> _Referring expression grounding data_

━━━

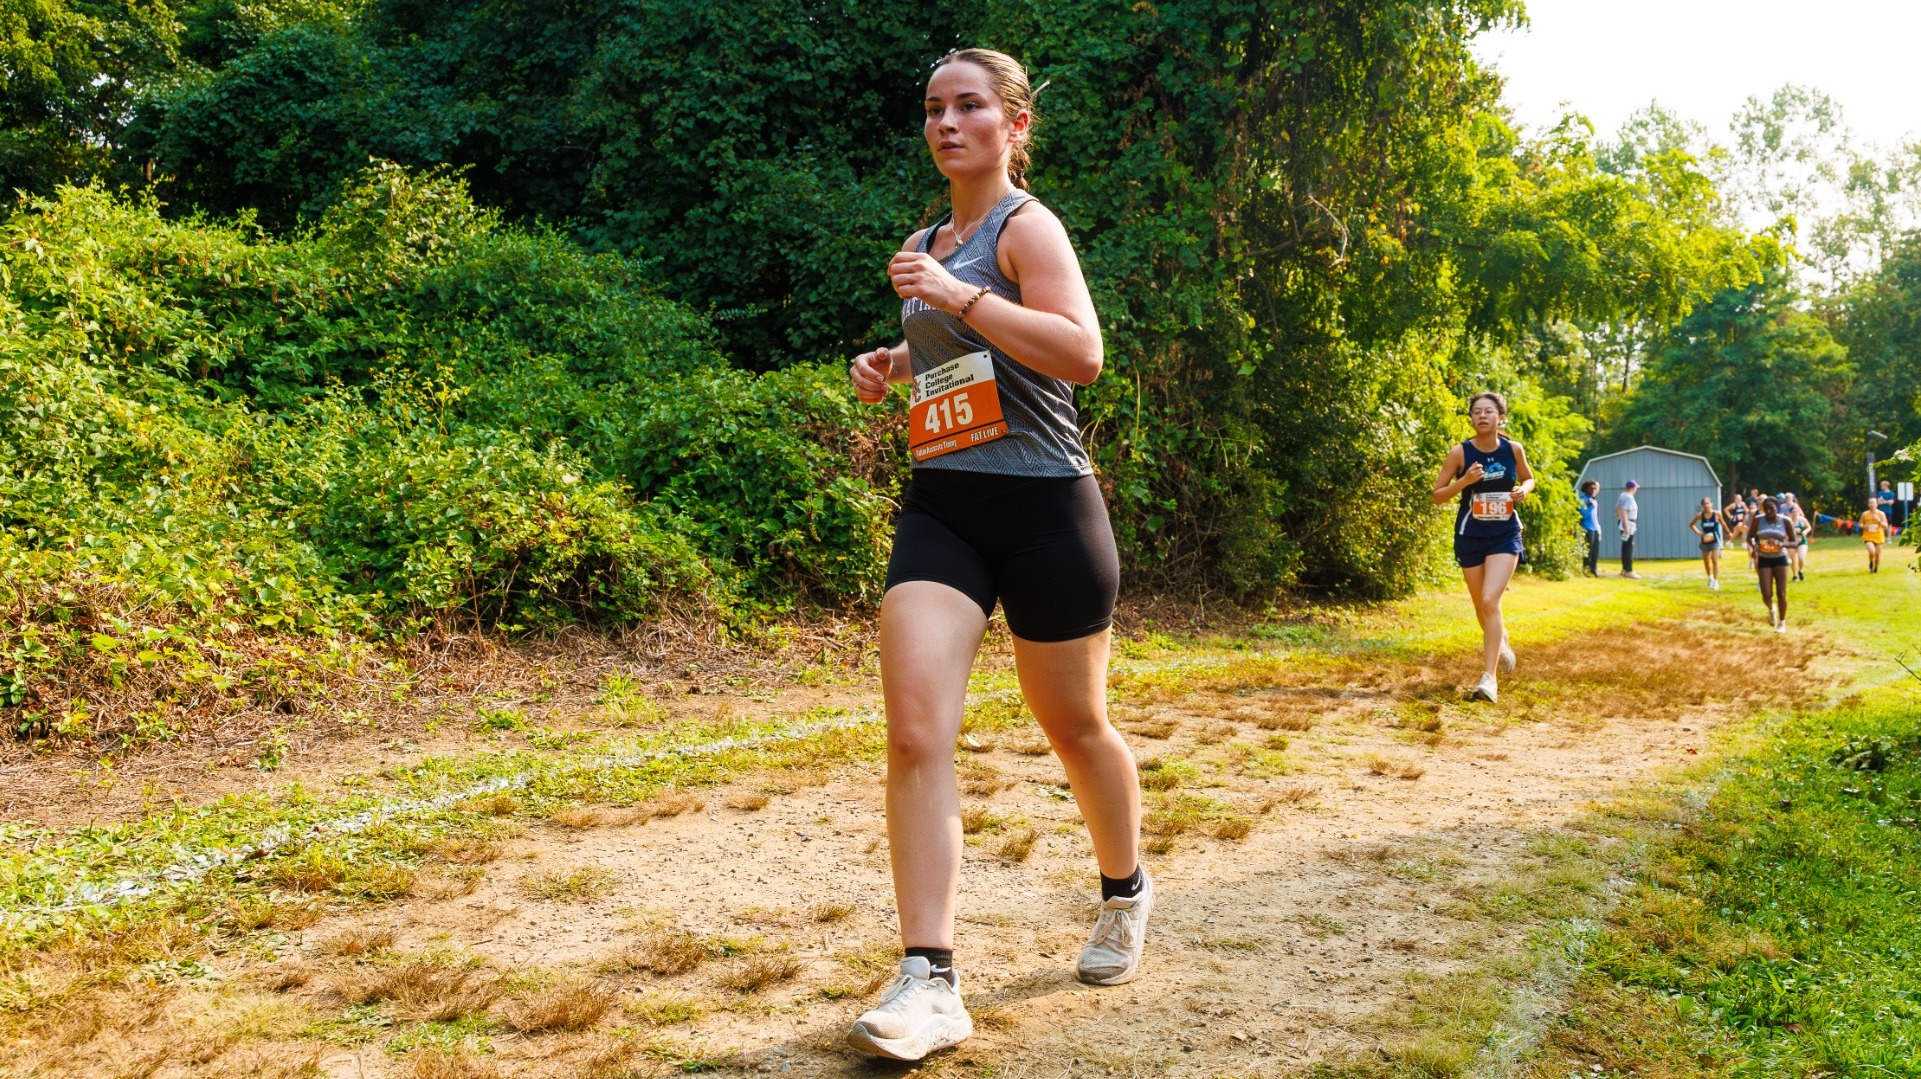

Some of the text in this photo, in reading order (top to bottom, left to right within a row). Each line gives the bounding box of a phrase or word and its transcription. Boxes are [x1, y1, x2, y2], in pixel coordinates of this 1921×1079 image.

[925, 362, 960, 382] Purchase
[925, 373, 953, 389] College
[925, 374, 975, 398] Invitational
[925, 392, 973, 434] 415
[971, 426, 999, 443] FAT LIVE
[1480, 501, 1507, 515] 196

━━━

> _Task requirements_
Write out the records word for word. Pictures stay out.

> _Solution for this problem_
Some of the text in this photo, in reading order (top to bottom, left to right within a row). Each line gives the bounding box of a phrase or word and its transcription. Boxes are [x1, y1, x2, y2], in pixel coordinates of this 1921×1079 image.

[925, 362, 960, 382] Purchase
[925, 373, 953, 389] College
[925, 374, 975, 398] Invitational
[925, 392, 973, 434] 415
[971, 426, 999, 443] FAT LIVE
[1480, 501, 1507, 515] 196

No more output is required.